Uneven Coverage of Natural Disasters in Wikipedia: the Case of Flood
Valerio Lorini, Javier Rando, Diego Saez-Trumper, Carlos Castillo

TL;DR
This study analyzes the coverage of floods in English Wikipedia, revealing biases towards wealthy, English-speaking countries and highlighting disparities in disaster information availability across different income levels.
Contribution
It provides a large-scale automatic content analysis showing geographic and economic biases in Wikipedia's flood coverage, emphasizing implications for disaster response systems.
Findings
Wikipedia coverage is skewed towards wealthy, English-speaking countries.
Flood coverage in low-income countries and South America is substantially lower.

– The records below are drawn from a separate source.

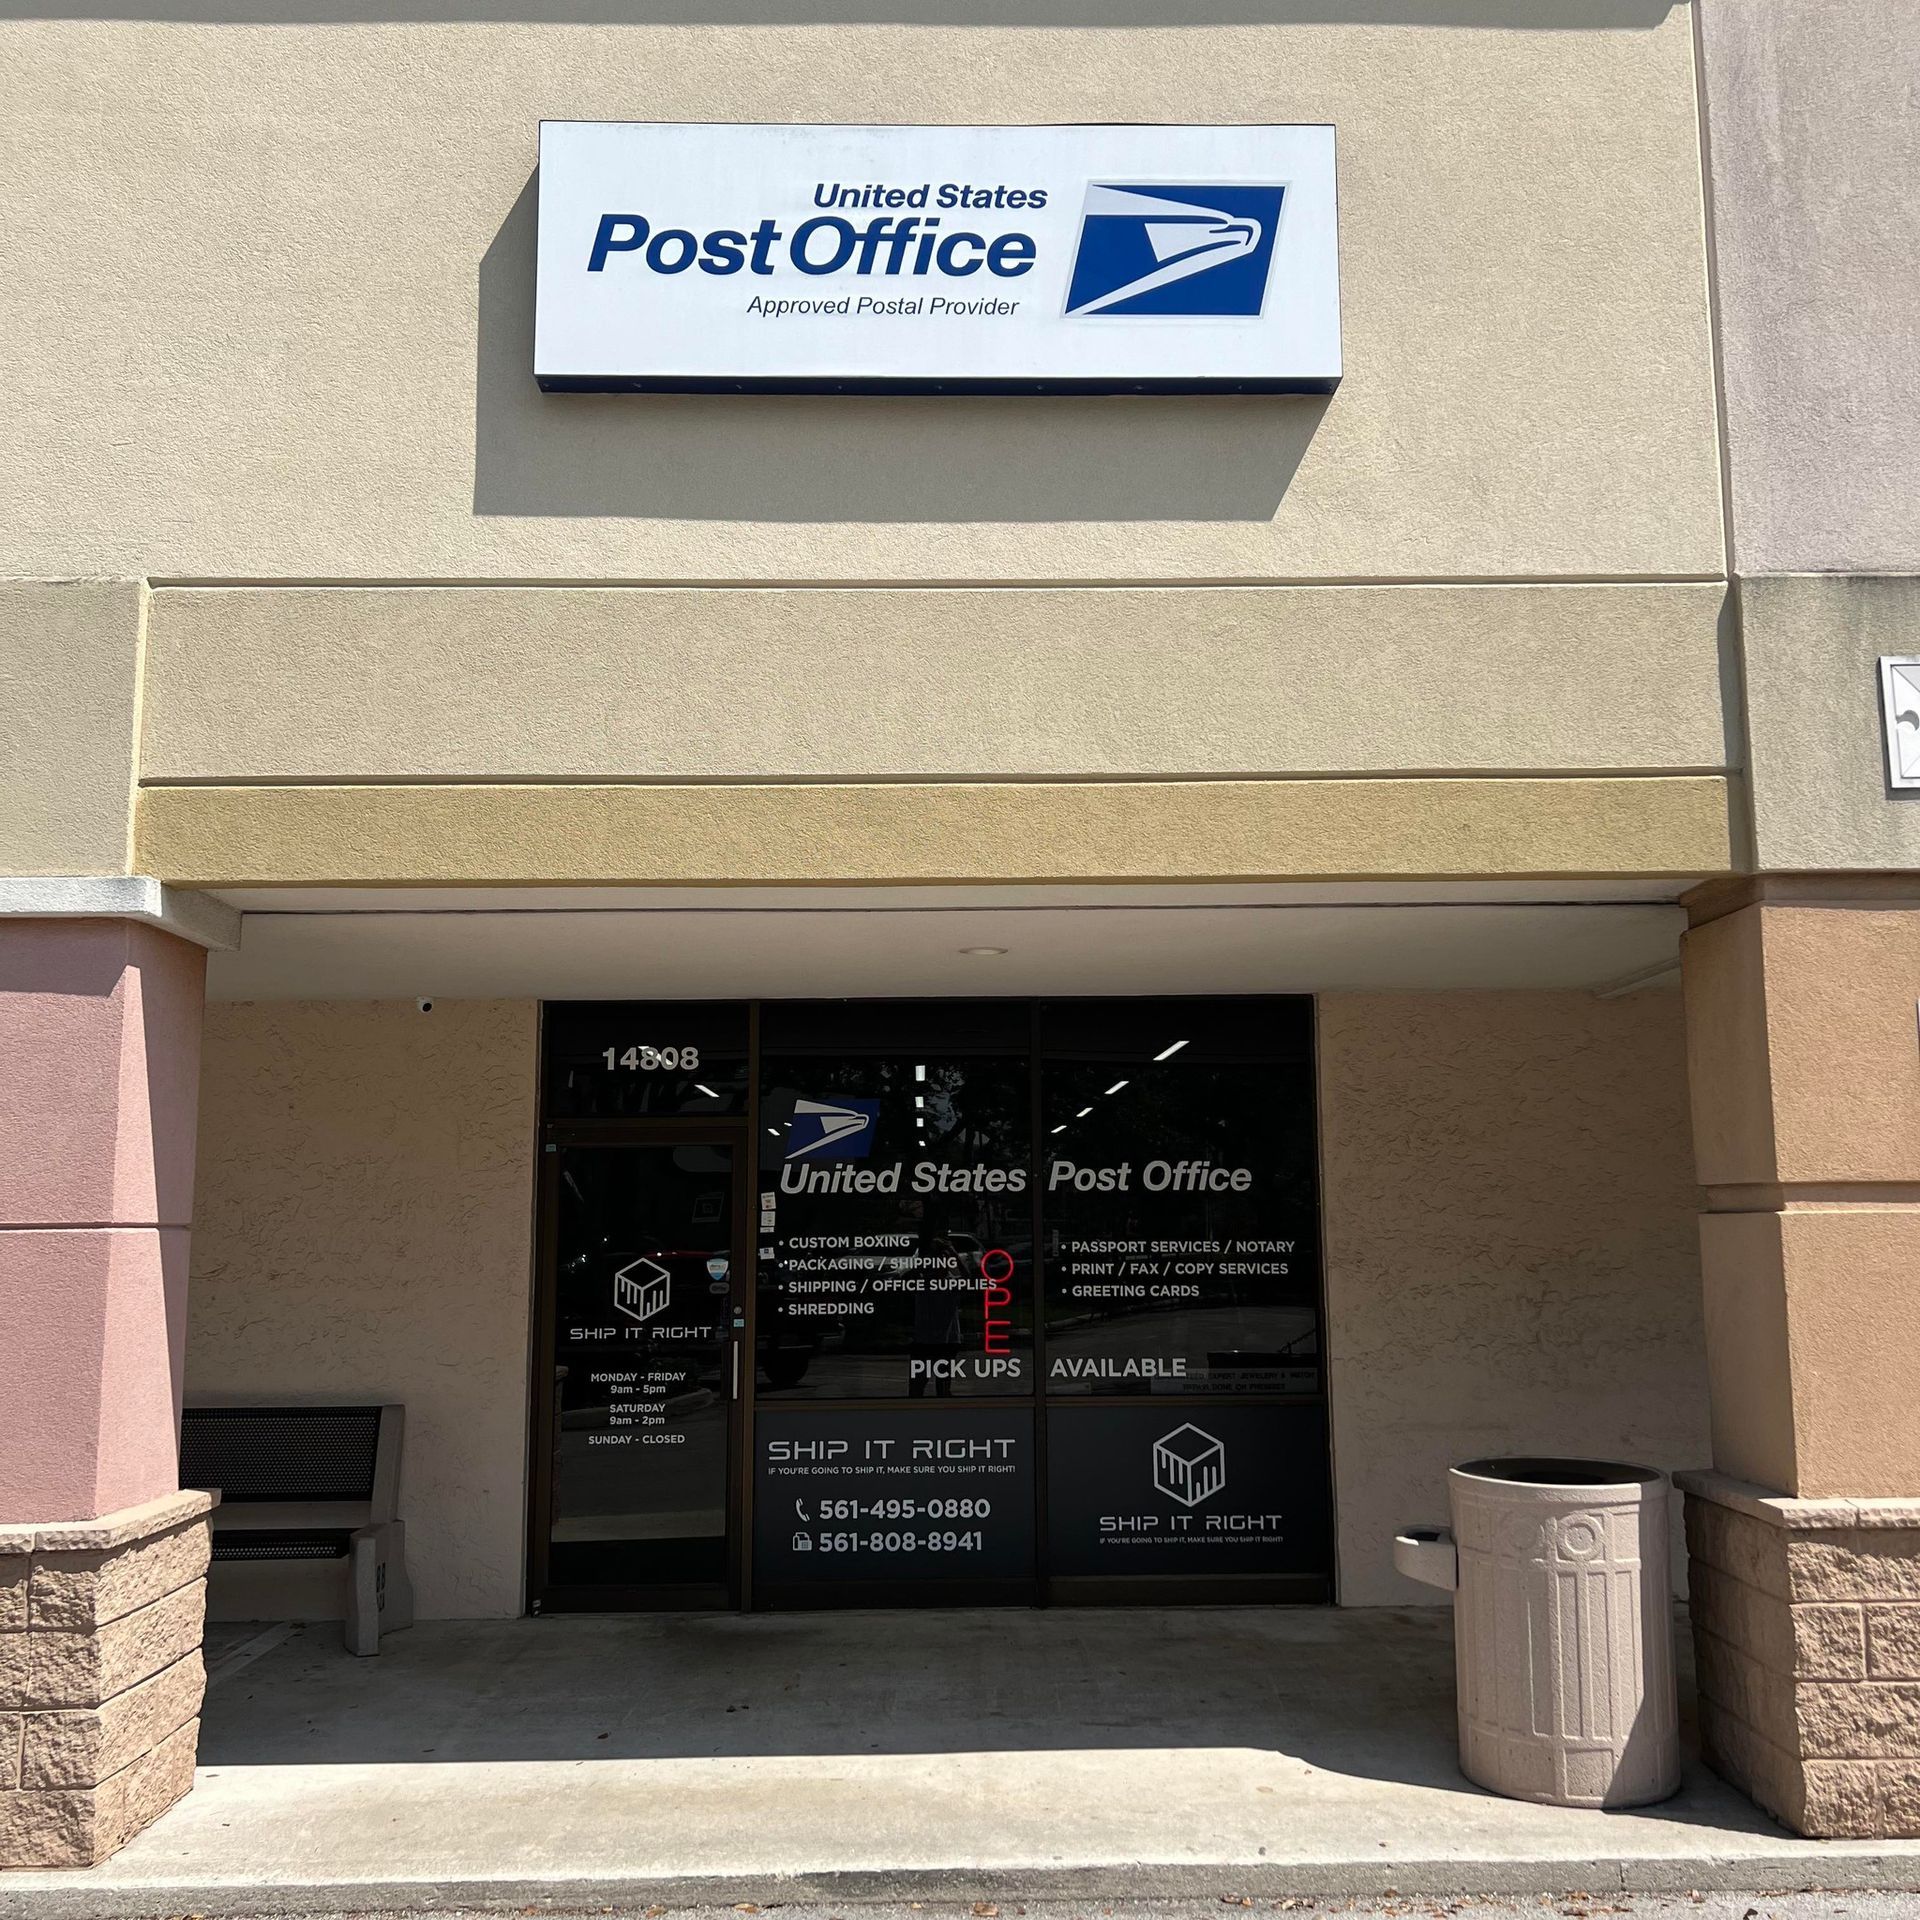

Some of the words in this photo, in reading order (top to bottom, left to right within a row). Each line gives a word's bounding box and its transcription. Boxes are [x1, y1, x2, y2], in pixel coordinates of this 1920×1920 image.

[814, 184, 930, 208] United
[937, 184, 1048, 209] States
[587, 214, 782, 275] Post
[790, 216, 1036, 277] Office
[747, 296, 850, 317] Approved
[857, 297, 923, 314] Postal
[930, 298, 1020, 315] Provider
[603, 1046, 698, 1070] 14808
[781, 1163, 902, 1194] United
[912, 1162, 1026, 1192] States
[1049, 1161, 1131, 1191] Post
[1143, 1161, 1252, 1191] Office
[789, 1237, 849, 1248] CUSTOM
[854, 1235, 910, 1248] BOXING
[1072, 1241, 1146, 1252] PASSPORT
[1151, 1241, 1220, 1252] SERVICES
[1237, 1241, 1294, 1252] NOTARY
[788, 1258, 874, 1271] PACKAGING
[890, 1257, 958, 1269] SHIPPING
[1072, 1264, 1114, 1274] PRINT
[1131, 1263, 1158, 1274] FAX
[1175, 1263, 1214, 1274] COPY
[1219, 1263, 1288, 1274] SERVICES
[789, 1281, 856, 1292] SHIPPING
[873, 1280, 925, 1291] OFFICE
[929, 1279, 997, 1291] SUPPLIES
[1072, 1285, 1145, 1296] GREETING
[1150, 1285, 1199, 1296] CARDS
[789, 1303, 874, 1315] SHREDDING
[570, 1328, 616, 1339] SHIP
[626, 1328, 642, 1338] IT
[653, 1327, 711, 1338] RIGHT
[911, 1359, 966, 1378] PICK
[975, 1358, 1020, 1377] UPS
[1050, 1358, 1186, 1377] AVAILABLE
[591, 1373, 638, 1382] MONDAY
[648, 1373, 686, 1381] FRIDAY
[611, 1385, 632, 1393] 9am
[643, 1385, 665, 1394] 5pm
[610, 1404, 665, 1413] SATURDAY
[610, 1416, 631, 1424] 9am
[642, 1416, 664, 1426] 2pm
[589, 1436, 632, 1444] SUNDAY
[643, 1435, 685, 1443] CLOSED
[769, 1441, 848, 1460] SHIP
[866, 1440, 895, 1459] IT
[913, 1440, 1015, 1458] RIGHT
[876, 1466, 885, 1474] IT,
[820, 1499, 990, 1519] 561-495-0880
[1100, 1516, 1158, 1531] SHIP
[1171, 1516, 1192, 1530] IT
[1206, 1515, 1281, 1530] RIGHT
[819, 1531, 981, 1552] 561-808-8941

Biases in disaster information can affect emergency detection and response.
Abstract
The usage of non-authoritative data for disaster management presents the opportunity of accessing timely information that might not be available through other means, as well as the challenge of dealing with several layers of biases. Wikipedia, a collaboratively-produced encyclopedia, includes in-depth information about many natural and human-made disasters, and its editors are particularly good at adding information in real-time as a crisis unfolds. In this study, we focus on the English version of Wikipedia, that is by far the most comprehensive version of this encyclopedia. Wikipedia tends to have good coverage of disasters, particularly those having a large number of fatalities. However, we also show that a tendency to cover events in wealthy countries and not cover events in poorer ones permeates Wikipedia as a source for disaster-related information. By performing careful automatic…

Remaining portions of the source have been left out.